Arquivado em: Uncategorized | Tags: Corrida, Dialética, Hábito, Manhã, Marx, Vida
Hoje eu voltei a praticar exercícios físicos. Na verdade, desde março, quando tive minha última crise de “neurose-hipocondríaca” venho tentando retomar um hábito antigo: o de correr, uma hora por dia, todos os dias. Estamos no final de julho e, somente quatro meses depois é que finalmente consegui colocar meu plano em prática. Apesar disso, retomei meu singelo espírito de atleta, como se nunca tivesse trancafiado meu hobby atrás da porta. E claro, refleti sobre esse pequeno evento. Nem tão afundo, nem tão superficial, mas de um modo que me deixou suficientemente intrigado: quantas vezes deixamos de fazer o que sabemos, de mostrar o nosso talento por forças alheias a nós? Quantas vezes nossas boas idéias, sonhos, metas e planos são obliterados contra a nossa vontade? Não é uma reflexão muito conveniente, eu sei. Se são forças alheias a nós, cabe-nos pouco a fazer, ou quase nada.
Nessa minha retomada, não pude deixar de perceber que meu tênis parecia mais confortável, a calça tinha um caimento melhor, a jaqueta não era mais tão quente. Pasmaceiras e pieguice aparte, me serviu como exemplo, uma demonstração clara de quão melhores as coisas são quando deixamos de tê-las. Será possível, algum dia, darmos valor ao ambiente que nos circunda sem antes sentir sua falta?
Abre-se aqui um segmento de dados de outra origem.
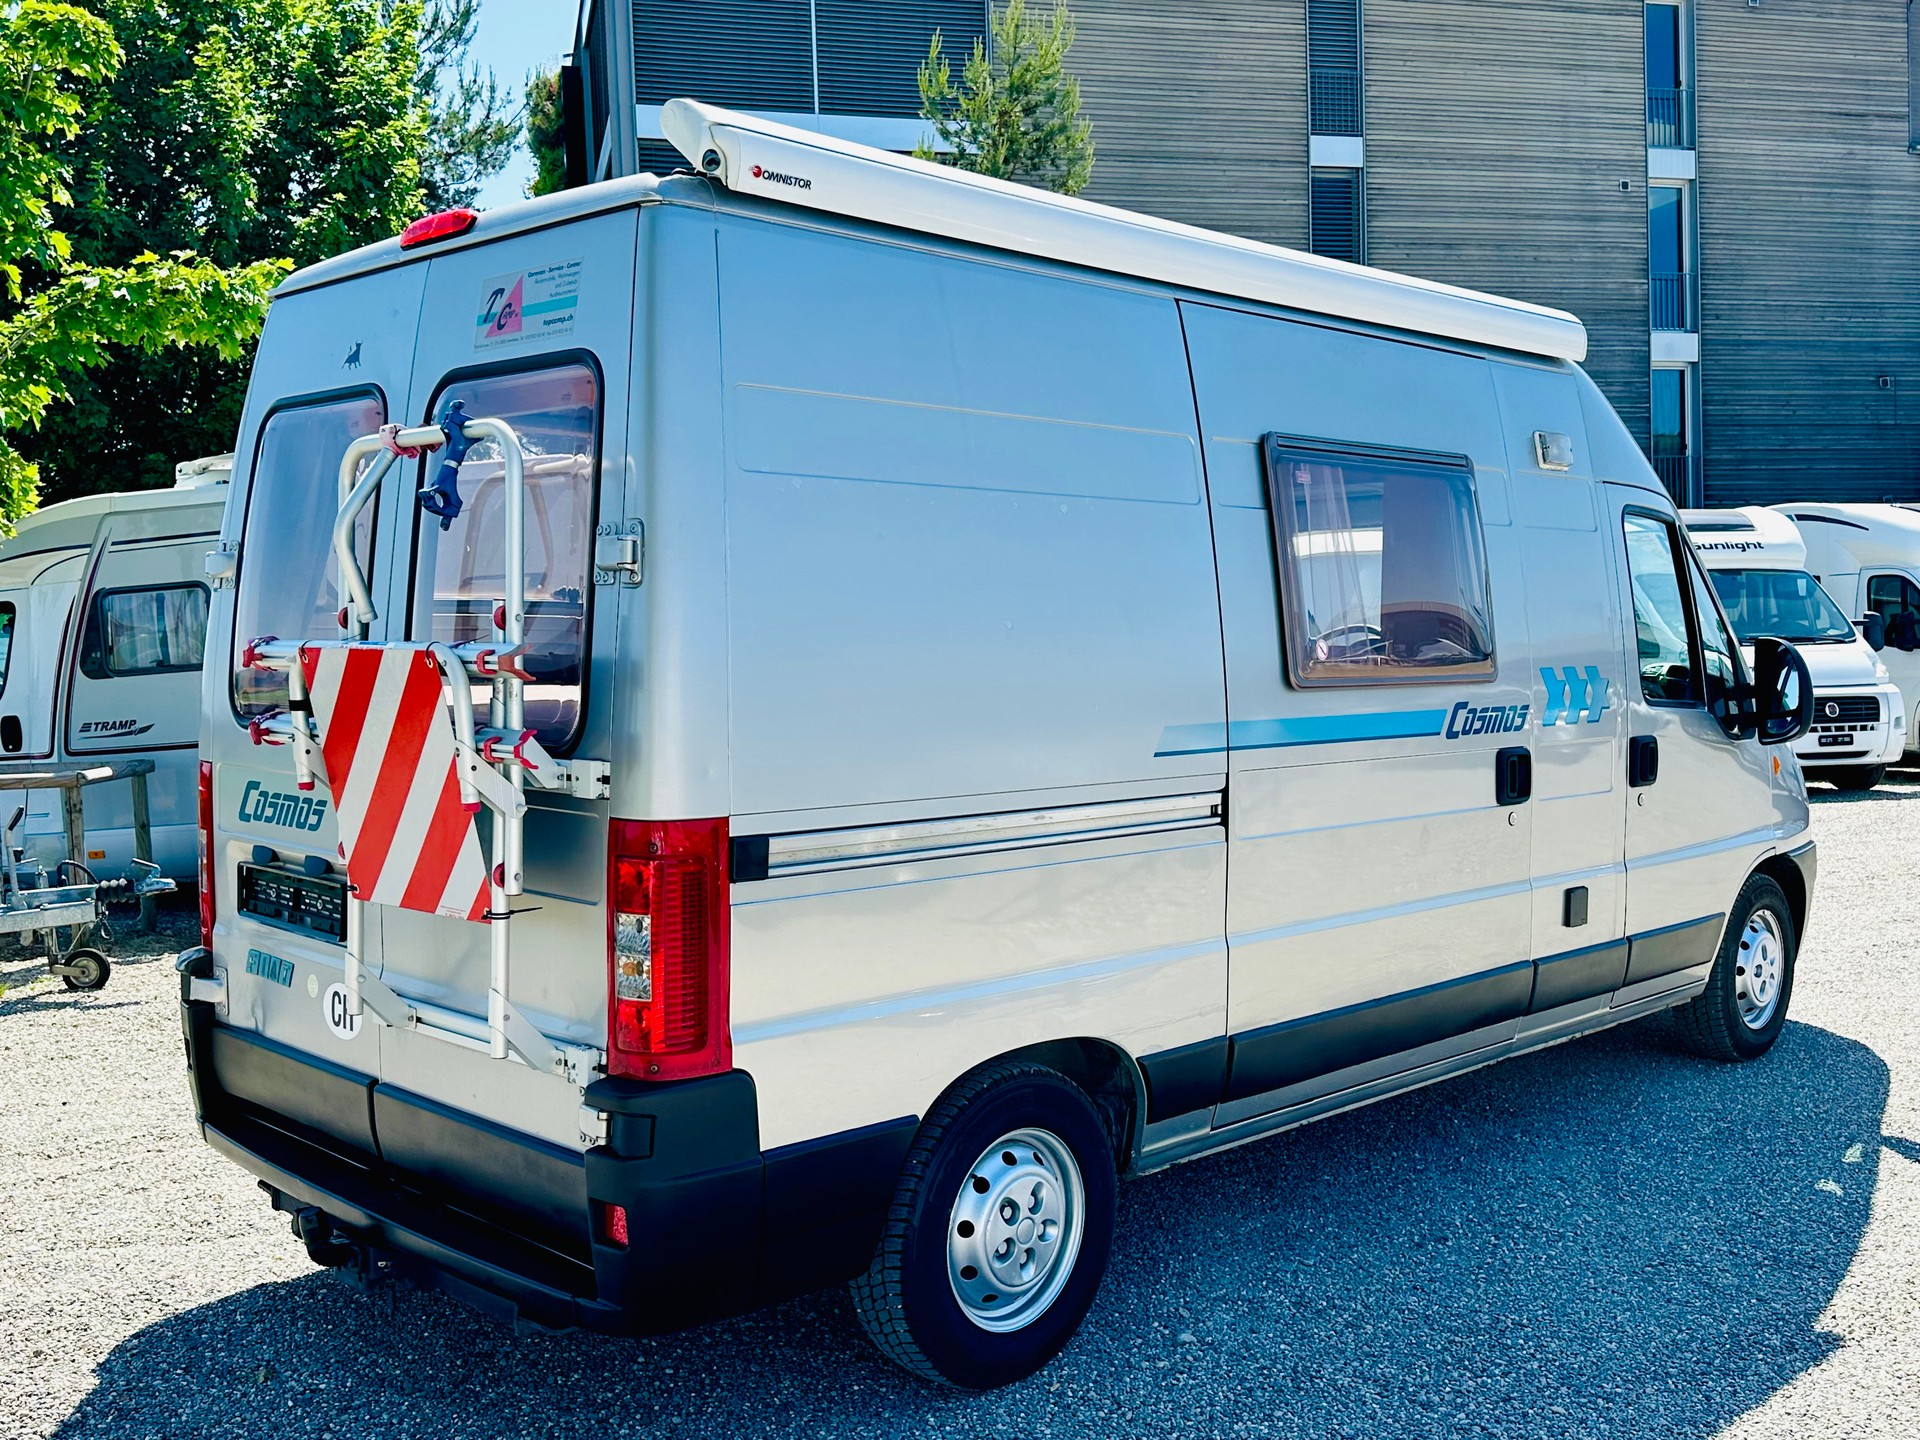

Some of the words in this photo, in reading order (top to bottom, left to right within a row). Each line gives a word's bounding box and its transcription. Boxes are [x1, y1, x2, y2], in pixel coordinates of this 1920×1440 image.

[762, 170, 812, 190] OMNISTOR
[543, 314, 574, 327] topcamp.ch
[1692, 541, 1765, 552] Sunlight
[1445, 701, 1530, 740] Cosmos
[238, 780, 328, 832] Cosmos
[246, 949, 294, 988] FIAT
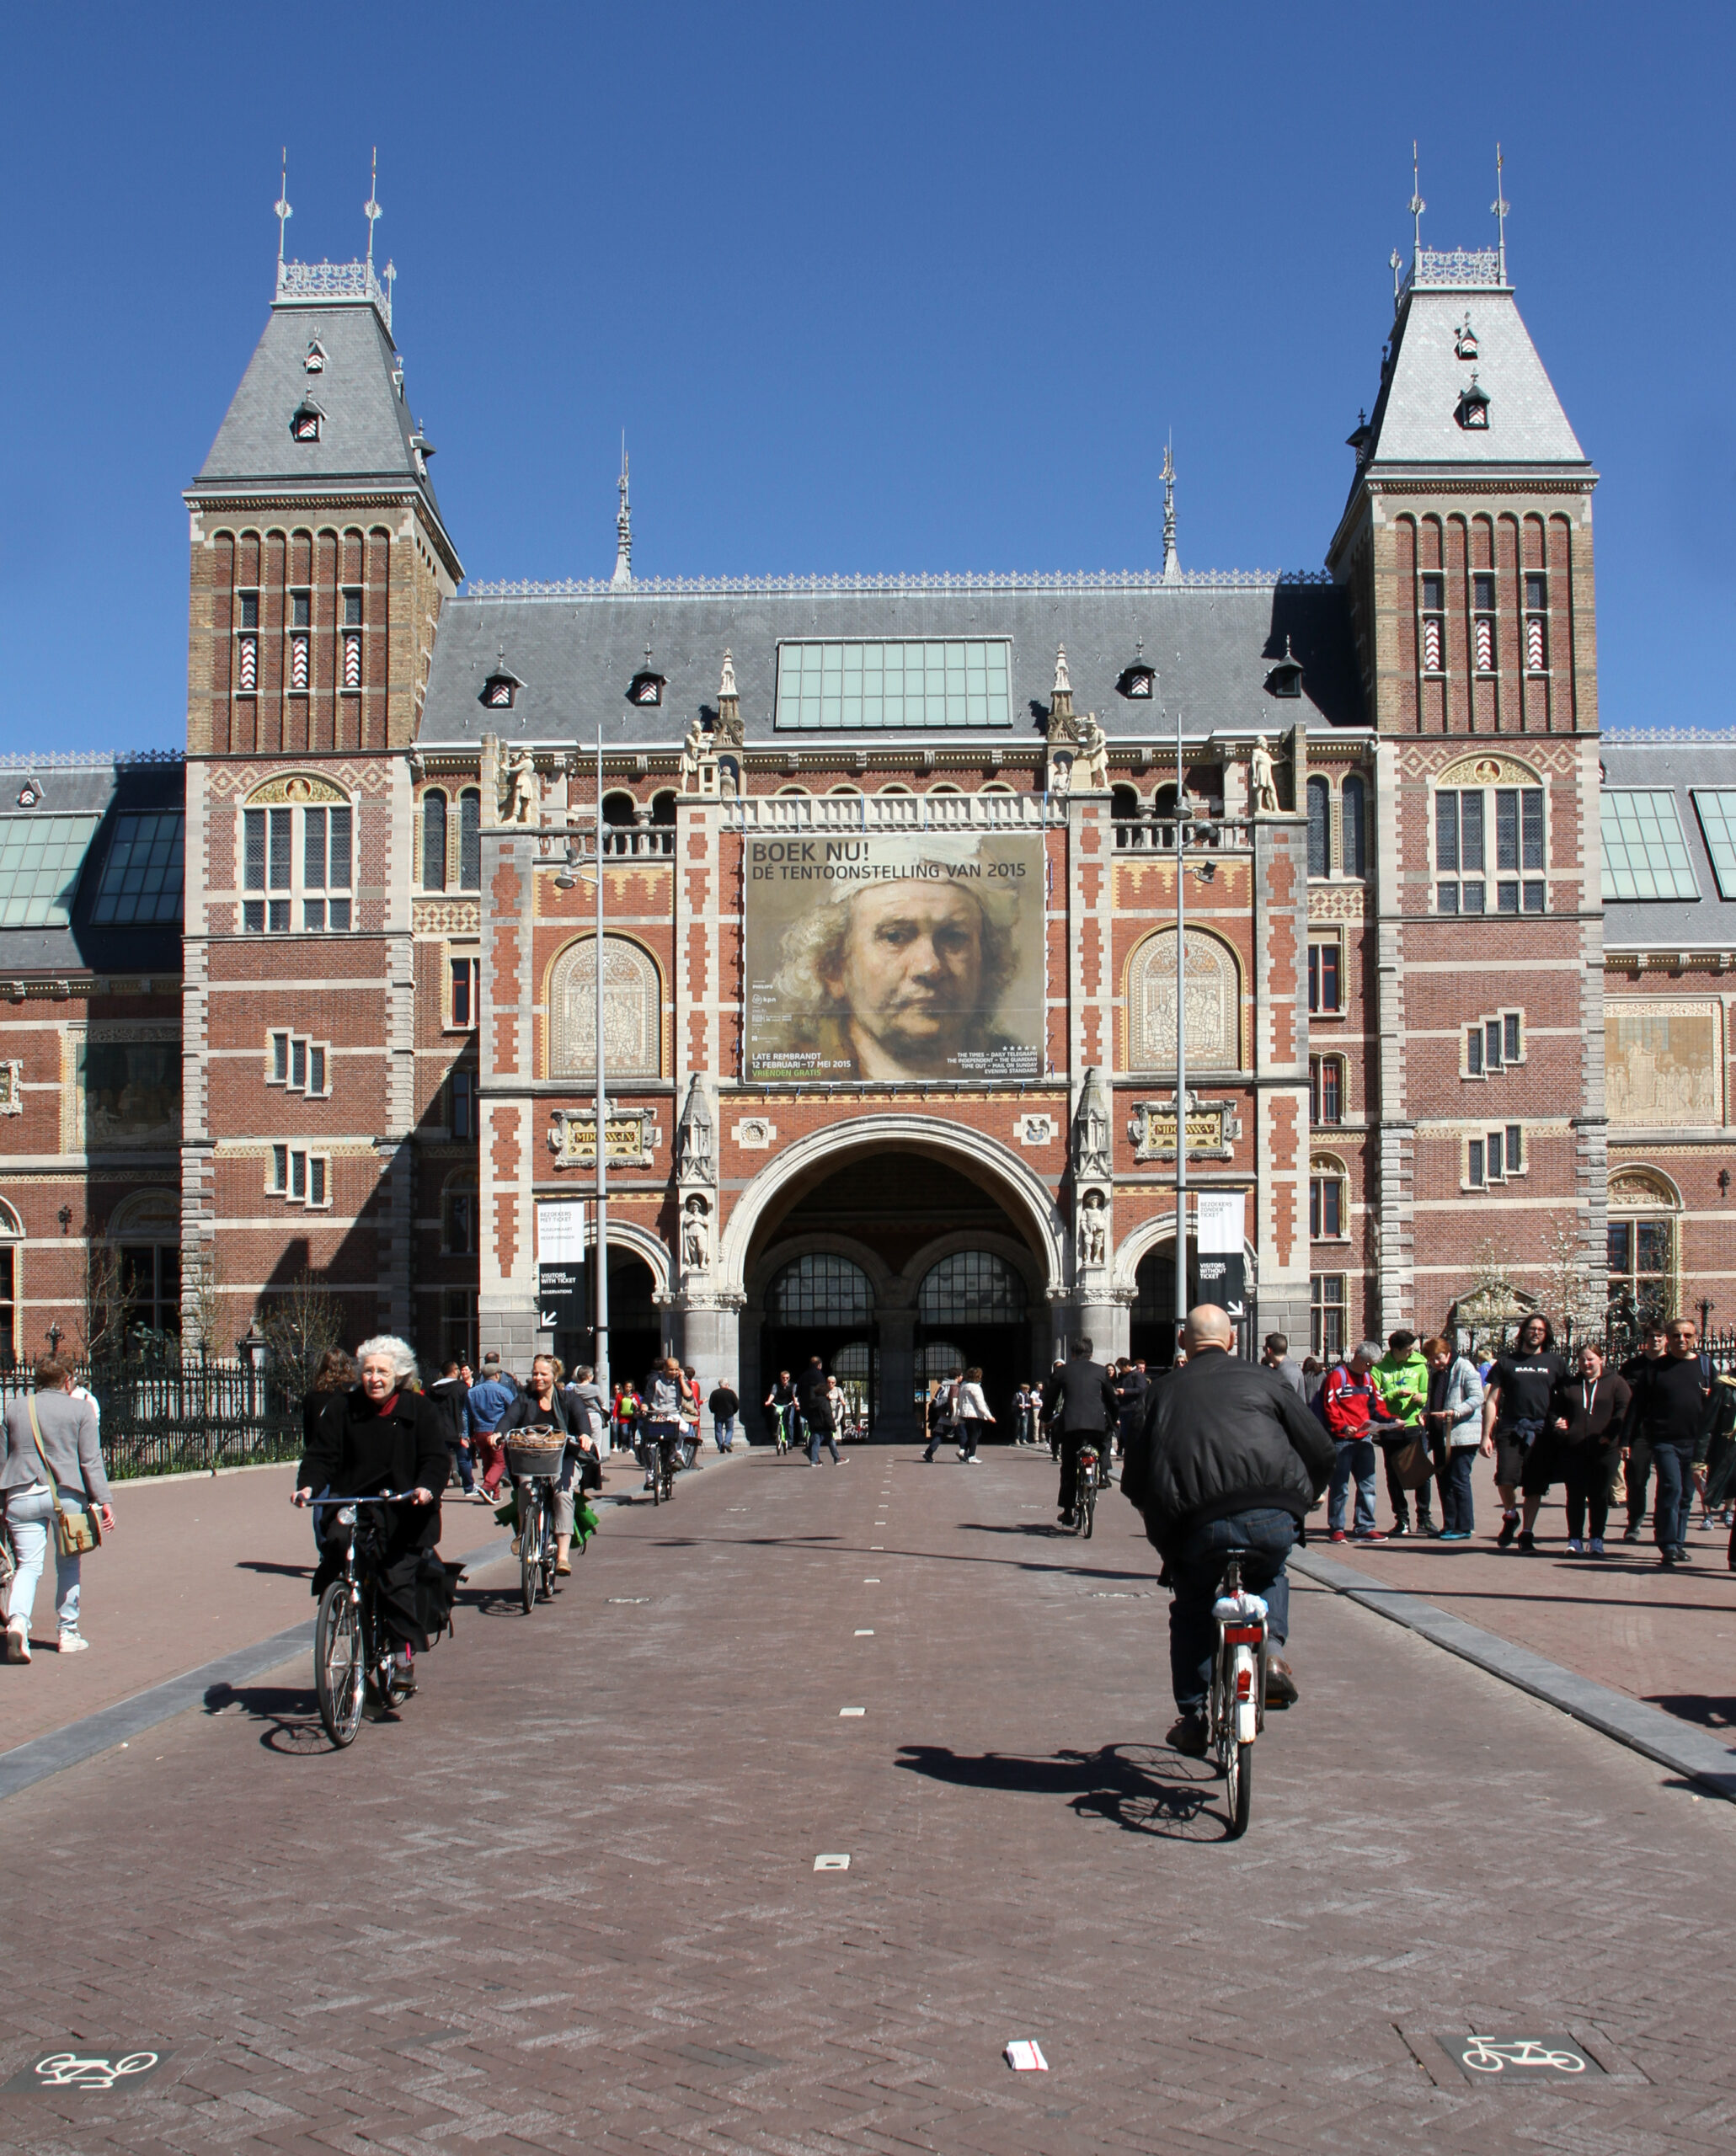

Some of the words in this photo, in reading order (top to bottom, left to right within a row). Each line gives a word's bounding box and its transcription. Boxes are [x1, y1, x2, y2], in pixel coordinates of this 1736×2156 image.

[752, 842, 816, 862] BOEK
[826, 842, 869, 862] NU!
[752, 863, 774, 880] DÉ
[779, 864, 939, 880] TENTOONSTELLING
[946, 864, 980, 878] VAN
[987, 863, 1026, 878] 2015
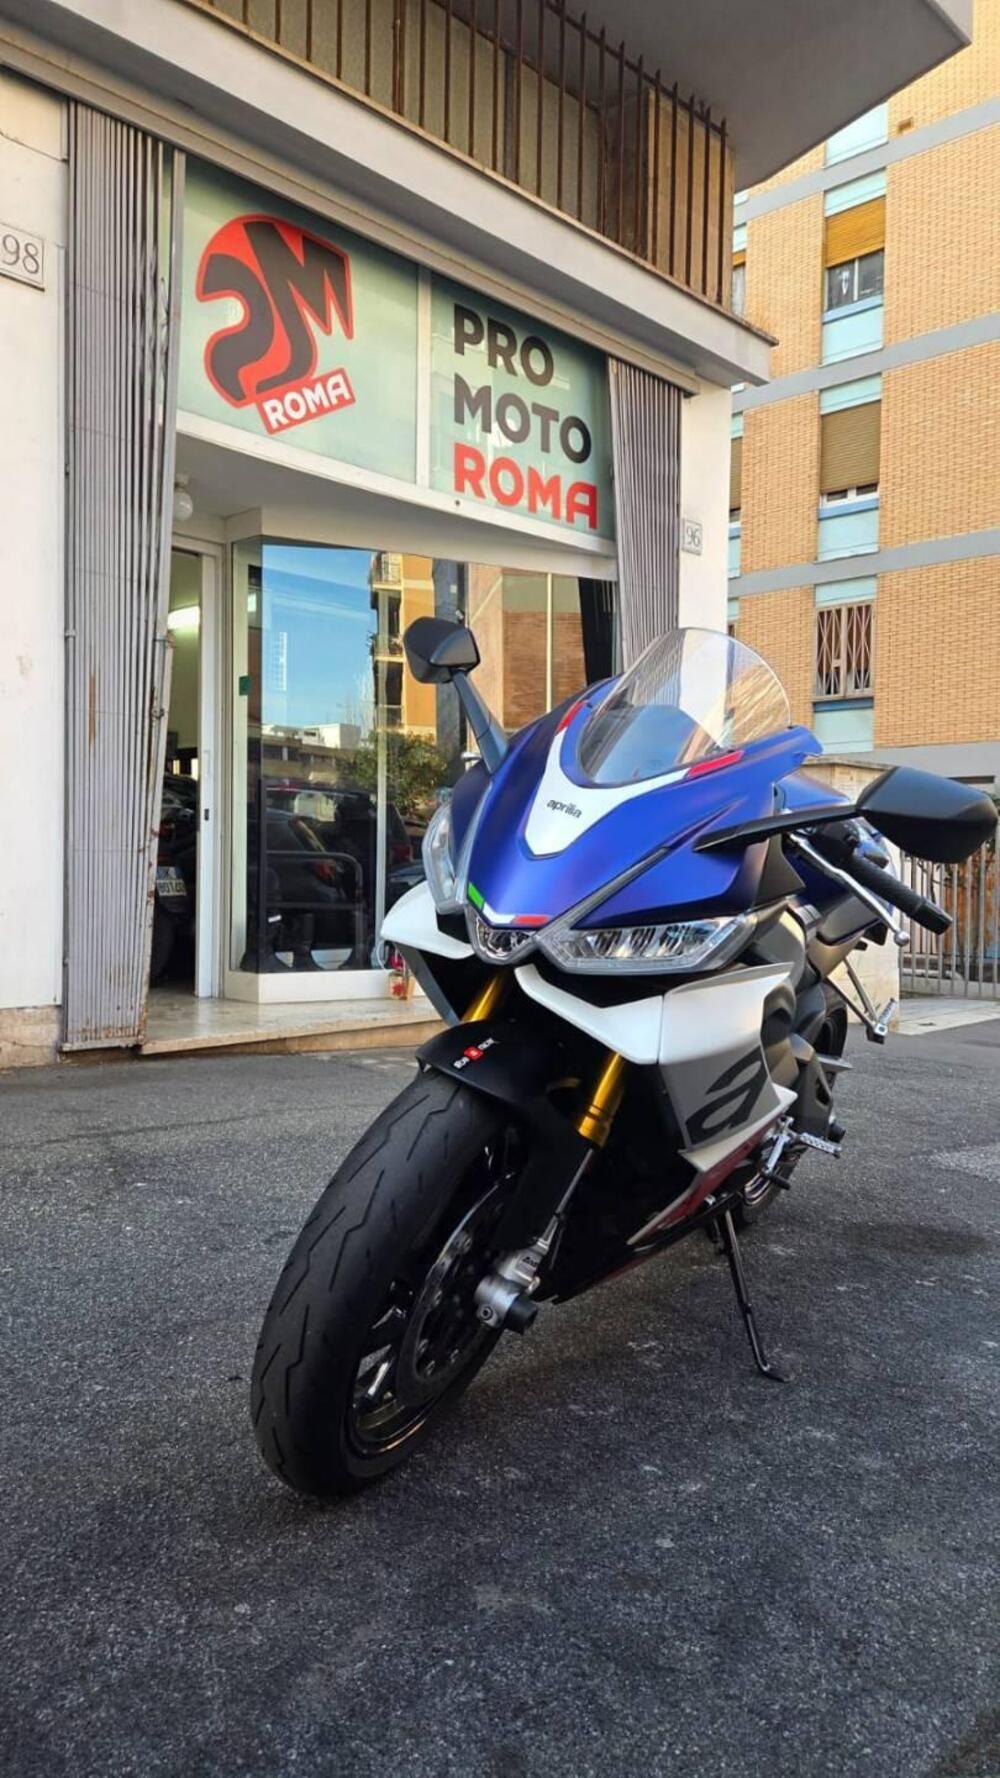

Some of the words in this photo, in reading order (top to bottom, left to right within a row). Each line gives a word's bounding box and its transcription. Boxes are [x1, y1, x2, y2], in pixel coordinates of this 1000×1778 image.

Não digo que tenhamos, obrigatoriamente, que perceber a ausência para valorizar a presença, mas acredito que, no fundo, é tudo como Marx já dizia, em sua dialética: se não houvesse a doença, não daríamos valor à saúde. Se não houvesse a morte, não compreenderíamos a notória beleza da vida, simples ou luxuosa, plácida ou arrogante. Se não houvesse algo que nos prendesse, não perceberíamos o quão valiosa é a liberdade.
Se não houvesse o tempo, estrangulado e decepado, não perceberíamos o quão macio e confortável é o solado de um All Star.